EXERCISE DESCRIPTION:
Return the whole listing, line for line, without the pictures in it.

----

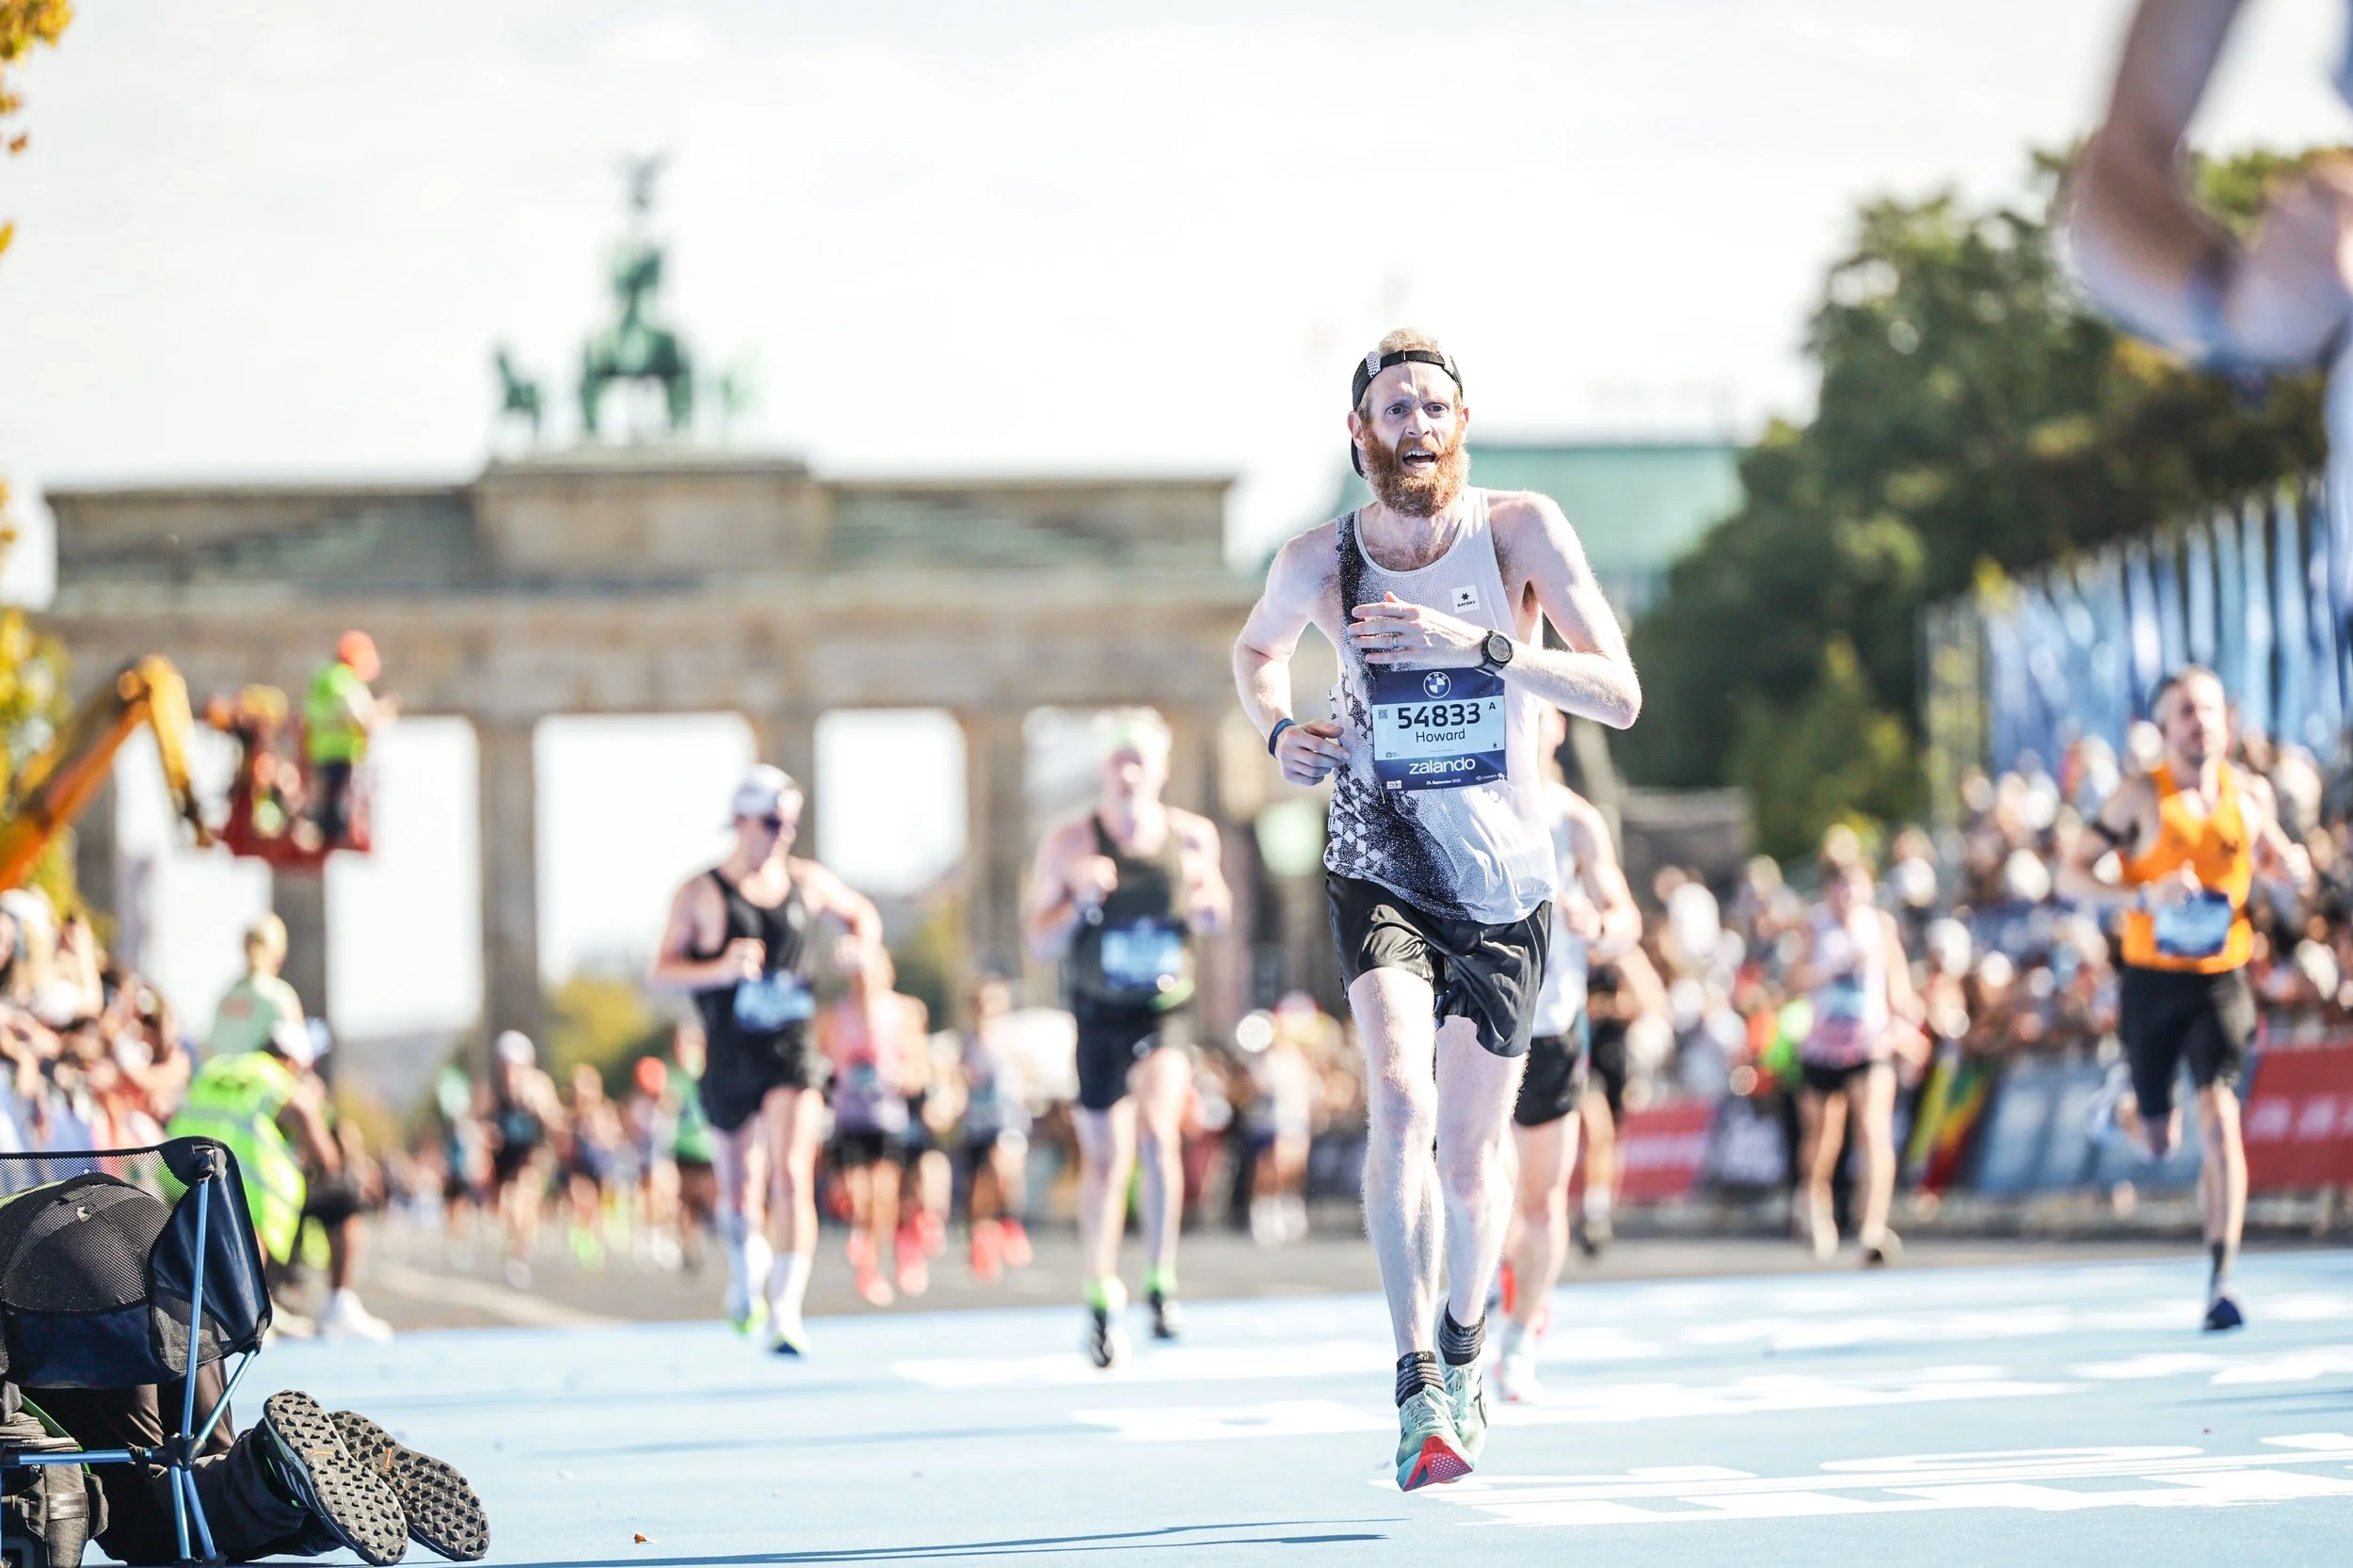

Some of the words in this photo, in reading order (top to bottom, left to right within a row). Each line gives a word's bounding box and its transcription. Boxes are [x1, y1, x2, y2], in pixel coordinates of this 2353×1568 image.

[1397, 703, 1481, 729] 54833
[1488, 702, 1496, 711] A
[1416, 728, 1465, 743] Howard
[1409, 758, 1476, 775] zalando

----

EXERCISE RESPONSE:
Some of the words in this photo, in reading order (top to bottom, left to right within a row). Each line gives a word's bounding box and its transcription. Boxes are [x1, y1, x2, y2], in pixel coordinates of this 2353×1568 image.

[1397, 703, 1481, 729] 54833
[1488, 702, 1496, 711] A
[1416, 728, 1465, 743] Howard
[1409, 758, 1476, 775] zalando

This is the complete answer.